Great escape: Chilean miners rise to freedom
SAN JOSE MINE, Chile, Oct. 13: One by one, the miners trapped for 69 days in a dungeon that could have been their tomb climbed into a rescue capsule and made a smooth ascent to the surface on Wednesday, greeted by the embraces of loved ones, cheered by joyous Chileans and watched by a captivated world.
The anxiety that had accompanied the careful final days of preparation broke at 12:11 am, when the stoutest of the men, Florencio Avalos, emerged from the missile-like chamber and smiled broadly after his half-mile journey to fresh air. By 11 pm IST, 19 men had been pulled from the mine in 16 hours, including the oldest and youngest among the trapped.
The effort was methodical and free of any problems, and on track to finish before sunrise on Thursday.

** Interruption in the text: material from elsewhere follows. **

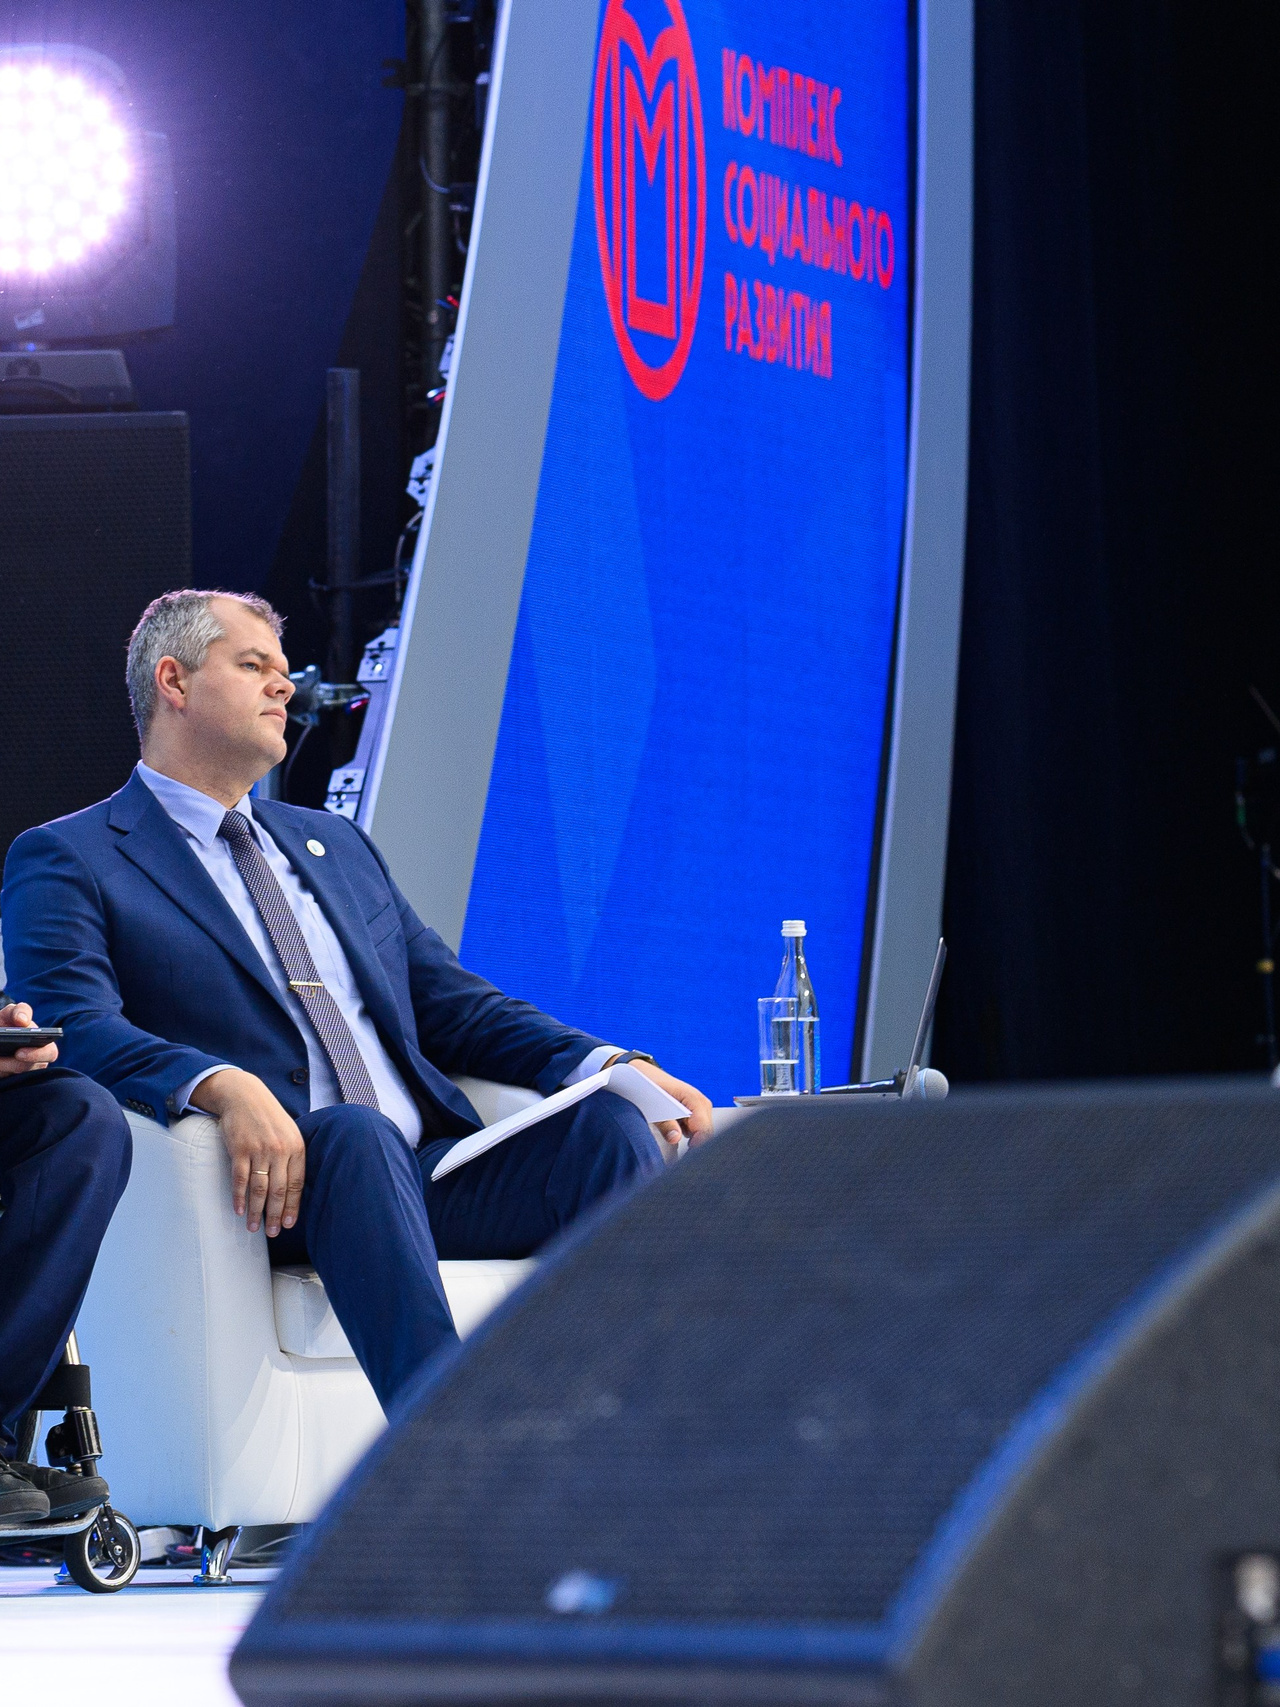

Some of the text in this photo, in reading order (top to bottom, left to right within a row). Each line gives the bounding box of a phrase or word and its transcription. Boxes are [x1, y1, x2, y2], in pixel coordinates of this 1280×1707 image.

[722, 48, 843, 168] КОМПЛЕКС
[724, 161, 895, 290] СОЦИАЛЬНОГО
[724, 271, 832, 380] РАЗВИТИЯ
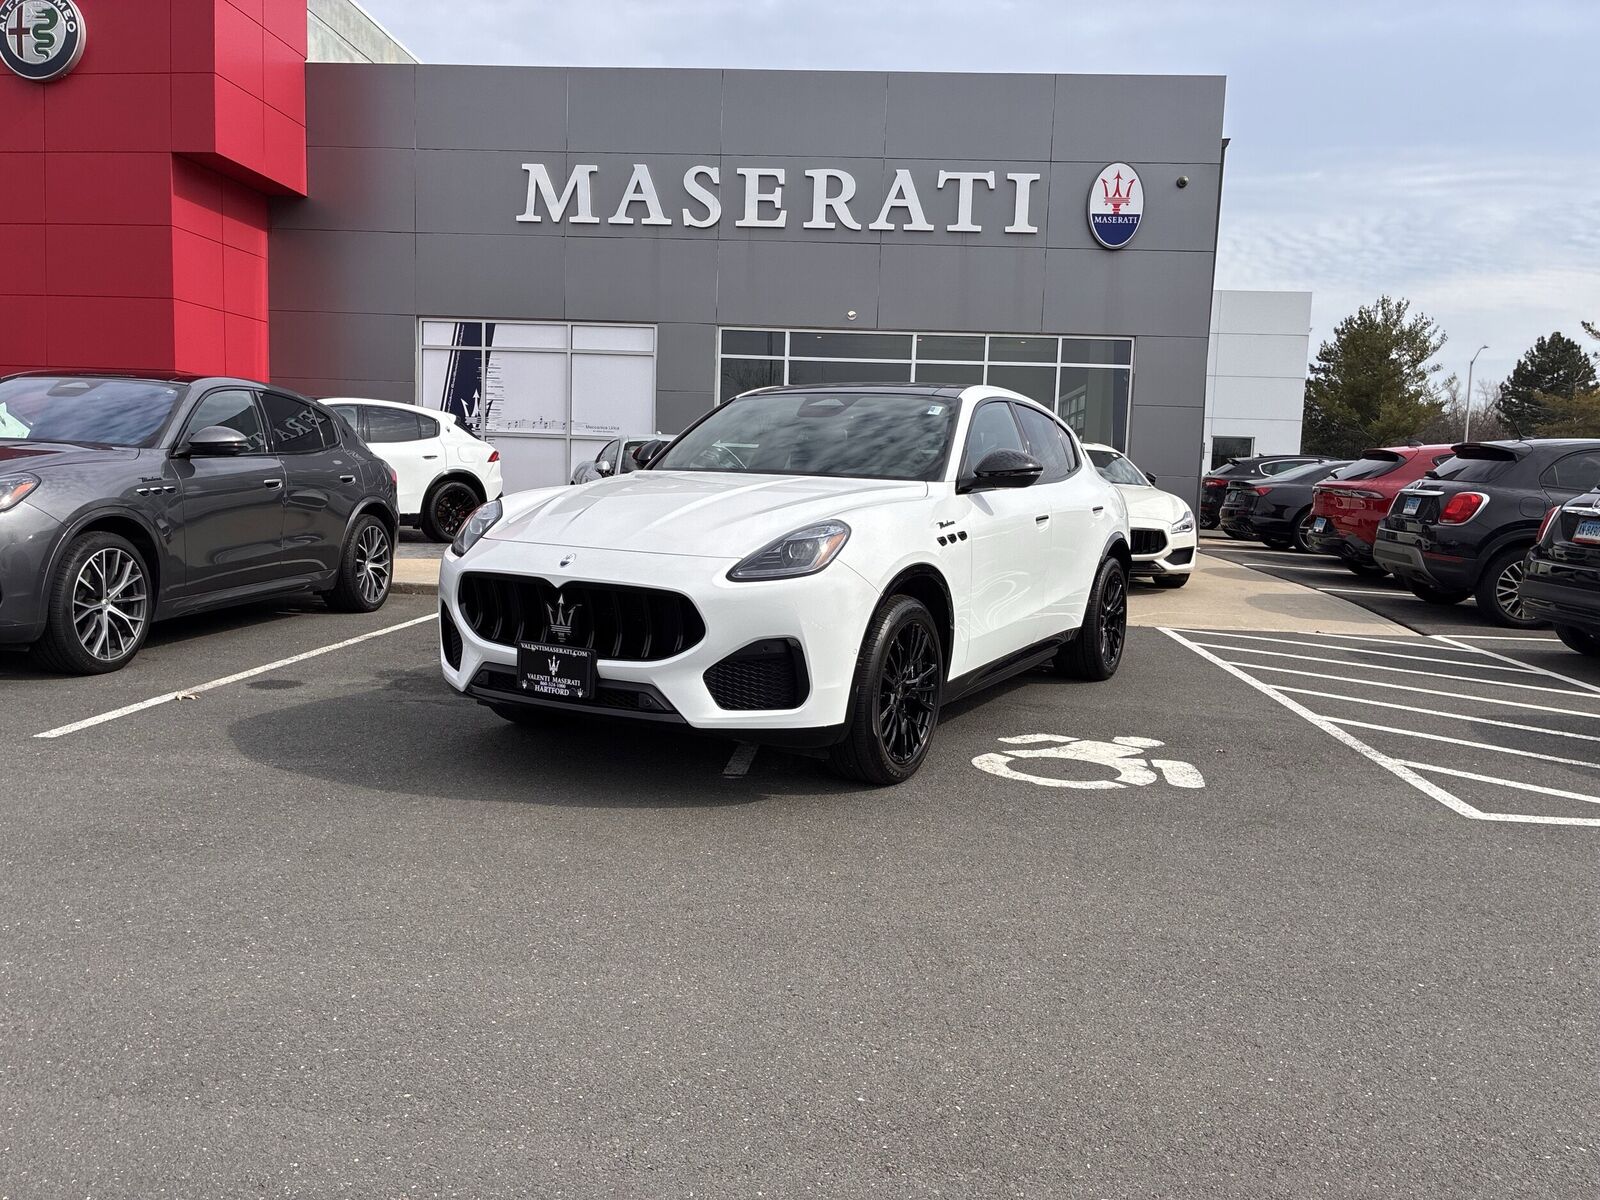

Amid an explosion of cheers, Mr Avalos hugged his sobbing 7-year-old son and wife and then the Chilean President, Mr Sebastian Pinera, who has been deeply involved in an effort that had become a matter of national pride.
Mr Avalos was followed an hour later by the most ebullient of the group, Mr Mario Sepulveda, whose shouts were heard even before the capsule peeked above the surface. He hugged his wife, handed out souvenir rocks from the mine to rescuers, bounded out and thrust a fist upward like a prizefighter.
“I think I had extraordinary luck. I was with God and with the devil. And I reached out for God,” Mr Sepulveda said as he awaited the air force helicopter ride to a nearby hospital where all the miners were to spend 48 hours under medical observation.
No one in recorded history has survived as long trapped underground as the 33 men.
For the first 17 days after 700,000 tons of rock collapsed around them August 5, no one even knew whether they were alive.
In the weeks that followed, the world was transfixed by their endurance and unity.
The health minister, Mr Jaime Manalich, said the rescues came as quickly as 36 minutes apart.
Communications technology — including live video from within the mine — turned the entire world into a global village hoping for the safe release of men they did not know and would probably never meet.
It was as if each of us could see ourselves in their place, wondering how we would cope with the sustained terror and then the sudden emergence into the light.
“It feels like we’re all there with them even though we’re so far away in London,” said Jose Torra, 34, early on Wednesday morning as the rescue unfolded. “For once it is a story with a good ending.”